**TASK INSTRUCTIONS**
Set down every record exactly as it appears.

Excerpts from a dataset
• • • • •
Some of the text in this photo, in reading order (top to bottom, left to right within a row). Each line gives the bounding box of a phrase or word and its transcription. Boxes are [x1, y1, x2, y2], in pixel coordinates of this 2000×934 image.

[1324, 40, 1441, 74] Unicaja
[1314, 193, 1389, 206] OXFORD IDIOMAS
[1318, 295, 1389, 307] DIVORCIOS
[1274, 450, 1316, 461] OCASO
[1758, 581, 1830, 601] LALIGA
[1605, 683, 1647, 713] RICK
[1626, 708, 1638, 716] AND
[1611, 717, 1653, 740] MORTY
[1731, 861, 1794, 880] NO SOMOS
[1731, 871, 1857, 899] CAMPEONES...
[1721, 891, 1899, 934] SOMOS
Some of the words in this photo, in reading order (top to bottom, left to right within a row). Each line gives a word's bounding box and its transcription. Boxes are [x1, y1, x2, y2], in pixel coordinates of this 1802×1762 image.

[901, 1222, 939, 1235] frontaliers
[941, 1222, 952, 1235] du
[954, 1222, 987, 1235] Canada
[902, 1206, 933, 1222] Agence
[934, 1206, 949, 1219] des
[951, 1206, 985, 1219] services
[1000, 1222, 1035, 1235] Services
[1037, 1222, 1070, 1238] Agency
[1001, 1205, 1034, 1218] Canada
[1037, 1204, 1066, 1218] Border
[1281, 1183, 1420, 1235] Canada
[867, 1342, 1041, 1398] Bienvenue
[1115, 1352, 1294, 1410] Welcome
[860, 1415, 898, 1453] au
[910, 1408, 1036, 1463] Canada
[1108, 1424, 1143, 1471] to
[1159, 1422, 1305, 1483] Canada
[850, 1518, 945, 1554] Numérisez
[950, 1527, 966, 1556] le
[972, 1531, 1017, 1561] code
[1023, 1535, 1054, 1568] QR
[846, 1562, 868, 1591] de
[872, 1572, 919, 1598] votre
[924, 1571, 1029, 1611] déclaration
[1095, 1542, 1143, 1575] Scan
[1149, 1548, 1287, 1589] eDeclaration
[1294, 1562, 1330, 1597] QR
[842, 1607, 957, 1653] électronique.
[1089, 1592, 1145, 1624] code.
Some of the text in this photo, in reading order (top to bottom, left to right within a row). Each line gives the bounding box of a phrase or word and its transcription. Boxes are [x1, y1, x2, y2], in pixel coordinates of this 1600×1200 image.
• • • • •
**TASK OUTPUT**
Some of the text in this photo, in reading order (top to bottom, left to right within a row). Each line gives the bounding box of a phrase or word and its transcription. Boxes are [x1, y1, x2, y2], in pixel coordinates of this 2000×934 image.

[1324, 40, 1441, 74] Unicaja
[1314, 193, 1389, 206] OXFORD IDIOMAS
[1318, 295, 1389, 307] DIVORCIOS
[1274, 450, 1316, 461] OCASO
[1758, 581, 1830, 601] LALIGA
[1605, 683, 1647, 713] RICK
[1626, 708, 1638, 716] AND
[1611, 717, 1653, 740] MORTY
[1731, 861, 1794, 880] NO SOMOS
[1731, 871, 1857, 899] CAMPEONES...
[1721, 891, 1899, 934] SOMOS
Some of the words in this photo, in reading order (top to bottom, left to right within a row). Each line gives a word's bounding box and its transcription. Boxes are [x1, y1, x2, y2], in pixel coordinates of this 1802×1762 image.

[901, 1222, 939, 1235] frontaliers
[941, 1222, 952, 1235] du
[954, 1222, 987, 1235] Canada
[902, 1206, 933, 1222] Agence
[934, 1206, 949, 1219] des
[951, 1206, 985, 1219] services
[1000, 1222, 1035, 1235] Services
[1037, 1222, 1070, 1238] Agency
[1001, 1205, 1034, 1218] Canada
[1037, 1204, 1066, 1218] Border
[1281, 1183, 1420, 1235] Canada
[867, 1342, 1041, 1398] Bienvenue
[1115, 1352, 1294, 1410] Welcome
[860, 1415, 898, 1453] au
[910, 1408, 1036, 1463] Canada
[1108, 1424, 1143, 1471] to
[1159, 1422, 1305, 1483] Canada
[850, 1518, 945, 1554] Numérisez
[950, 1527, 966, 1556] le
[972, 1531, 1017, 1561] code
[1023, 1535, 1054, 1568] QR
[846, 1562, 868, 1591] de
[872, 1572, 919, 1598] votre
[924, 1571, 1029, 1611] déclaration
[1095, 1542, 1143, 1575] Scan
[1149, 1548, 1287, 1589] eDeclaration
[1294, 1562, 1330, 1597] QR
[842, 1607, 957, 1653] électronique.
[1089, 1592, 1145, 1624] code.
Some of the text in this photo, in reading order (top to bottom, left to right within a row). Each line gives the bounding box of a phrase or word and its transcription. Boxes are [x1, y1, x2, y2], in pixel coordinates of this 1600×1200 image.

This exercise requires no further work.